### About this exercise
Only the pictures should be dropped; copy the rest of the entries exactly.
Data supplied Block Start
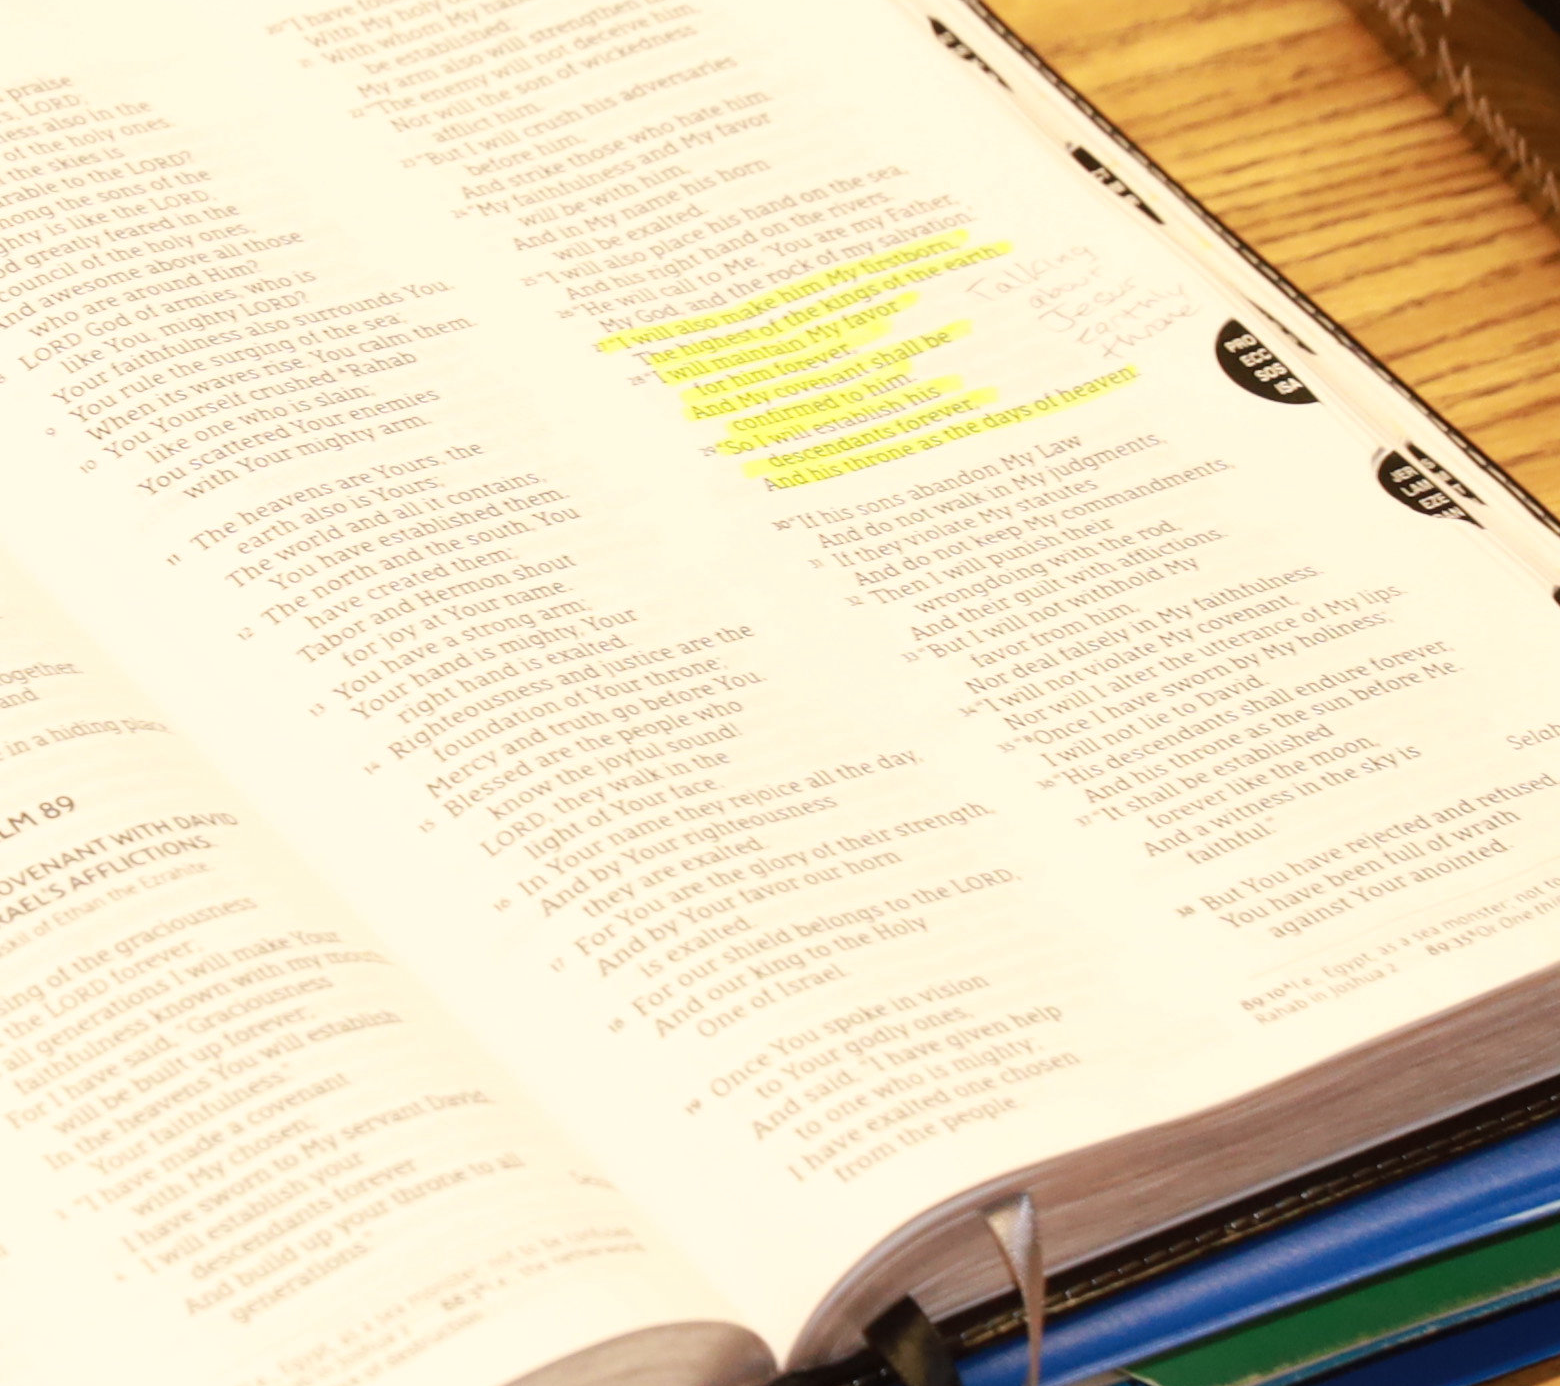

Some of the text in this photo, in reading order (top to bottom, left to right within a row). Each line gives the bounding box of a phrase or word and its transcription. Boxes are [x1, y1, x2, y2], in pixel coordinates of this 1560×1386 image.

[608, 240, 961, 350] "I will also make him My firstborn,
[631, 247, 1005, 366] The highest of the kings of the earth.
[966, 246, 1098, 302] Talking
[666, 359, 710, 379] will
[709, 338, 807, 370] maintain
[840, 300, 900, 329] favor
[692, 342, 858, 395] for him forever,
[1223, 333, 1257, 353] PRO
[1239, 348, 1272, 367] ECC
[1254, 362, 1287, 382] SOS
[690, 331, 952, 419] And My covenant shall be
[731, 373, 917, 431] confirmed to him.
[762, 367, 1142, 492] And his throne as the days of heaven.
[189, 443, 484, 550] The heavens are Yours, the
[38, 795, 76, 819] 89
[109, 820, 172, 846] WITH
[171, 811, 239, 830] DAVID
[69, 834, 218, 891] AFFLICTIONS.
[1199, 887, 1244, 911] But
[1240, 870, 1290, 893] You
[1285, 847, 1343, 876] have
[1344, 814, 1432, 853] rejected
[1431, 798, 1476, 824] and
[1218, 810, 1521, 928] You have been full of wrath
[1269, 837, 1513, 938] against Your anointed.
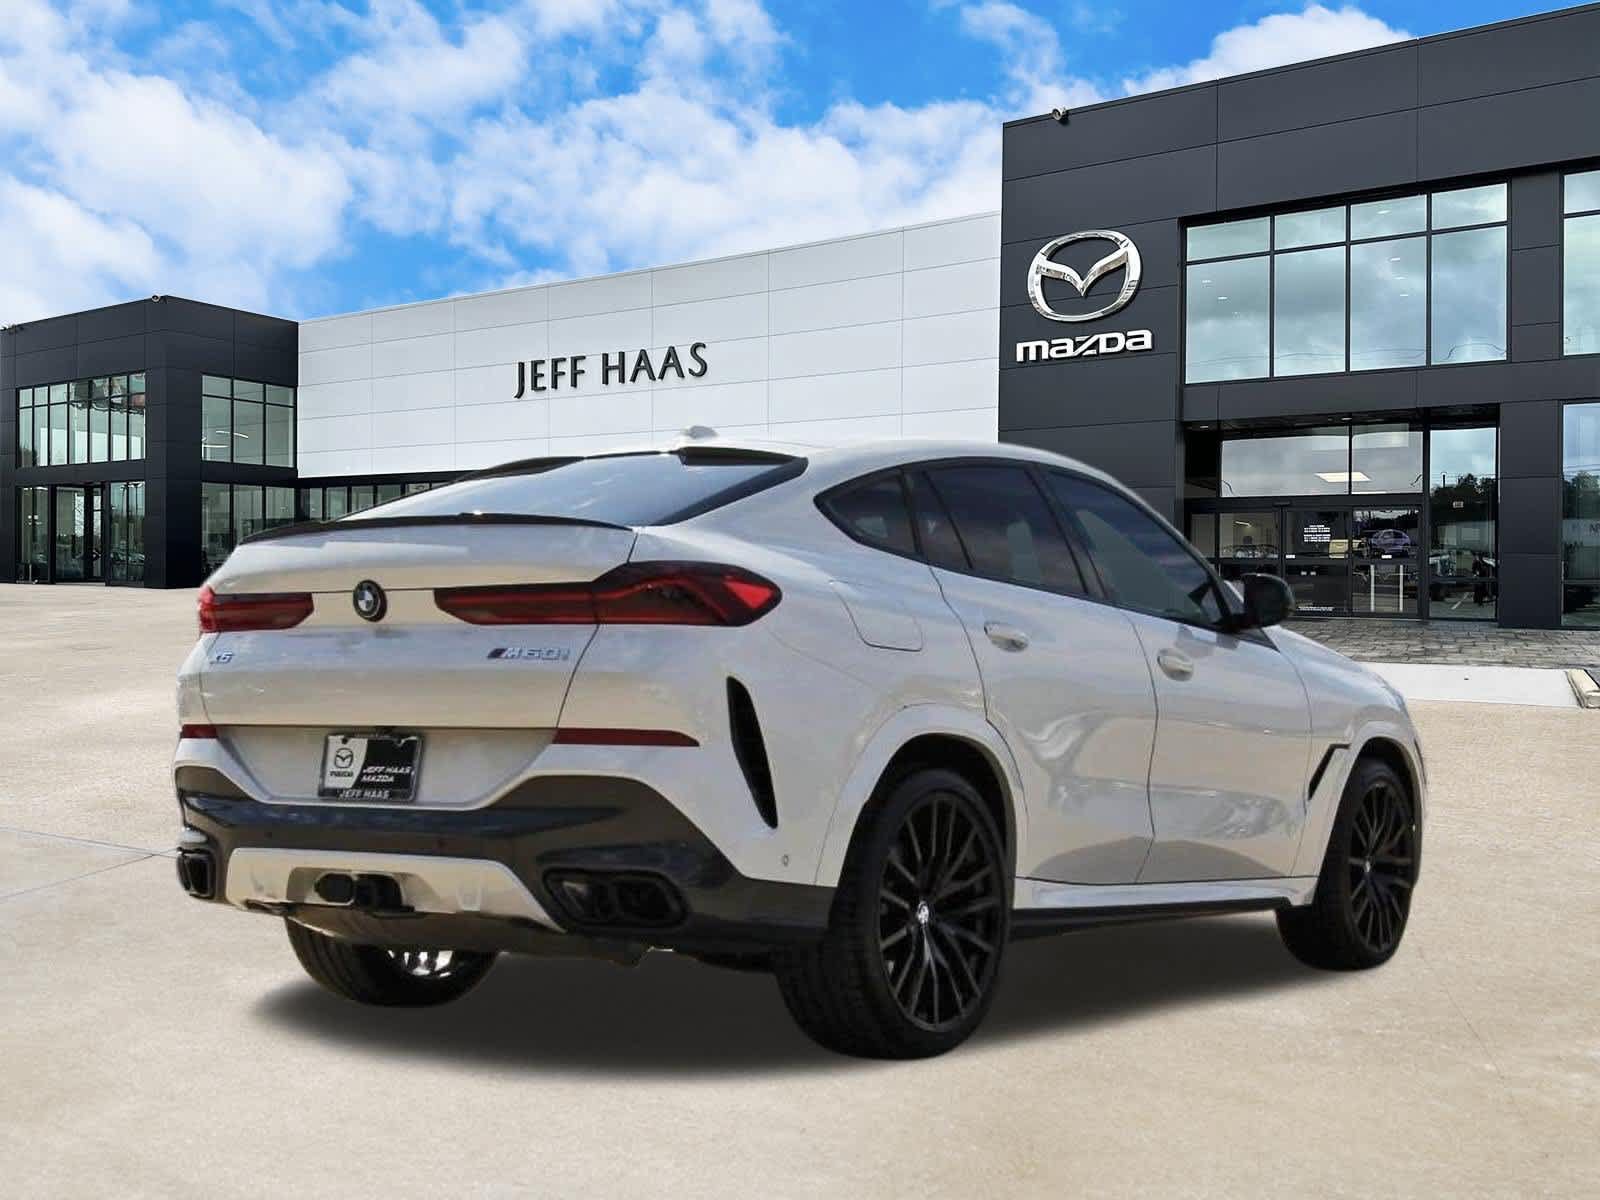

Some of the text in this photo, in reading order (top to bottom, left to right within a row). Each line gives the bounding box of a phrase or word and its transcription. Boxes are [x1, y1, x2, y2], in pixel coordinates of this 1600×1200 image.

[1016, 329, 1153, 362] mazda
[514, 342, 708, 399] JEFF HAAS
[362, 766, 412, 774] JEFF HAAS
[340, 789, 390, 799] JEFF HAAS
Data supplied Block End
### Answer to the problem
Some of the text in this photo, in reading order (top to bottom, left to right within a row). Each line gives the bounding box of a phrase or word and its transcription. Boxes are [x1, y1, x2, y2], in pixel coordinates of this 1560×1386 image.

[608, 240, 961, 350] "I will also make him My firstborn,
[631, 247, 1005, 366] The highest of the kings of the earth.
[966, 246, 1098, 302] Talking
[666, 359, 710, 379] will
[709, 338, 807, 370] maintain
[840, 300, 900, 329] favor
[692, 342, 858, 395] for him forever,
[1223, 333, 1257, 353] PRO
[1239, 348, 1272, 367] ECC
[1254, 362, 1287, 382] SOS
[690, 331, 952, 419] And My covenant shall be
[731, 373, 917, 431] confirmed to him.
[762, 367, 1142, 492] And his throne as the days of heaven.
[189, 443, 484, 550] The heavens are Yours, the
[38, 795, 76, 819] 89
[109, 820, 172, 846] WITH
[171, 811, 239, 830] DAVID
[69, 834, 218, 891] AFFLICTIONS.
[1199, 887, 1244, 911] But
[1240, 870, 1290, 893] You
[1285, 847, 1343, 876] have
[1344, 814, 1432, 853] rejected
[1431, 798, 1476, 824] and
[1218, 810, 1521, 928] You have been full of wrath
[1269, 837, 1513, 938] against Your anointed.

Some of the text in this photo, in reading order (top to bottom, left to right within a row). Each line gives the bounding box of a phrase or word and its transcription. Boxes are [x1, y1, x2, y2], in pixel coordinates of this 1600×1200 image.

[1016, 329, 1153, 362] mazda
[514, 342, 708, 399] JEFF HAAS
[362, 766, 412, 774] JEFF HAAS
[340, 789, 390, 799] JEFF HAAS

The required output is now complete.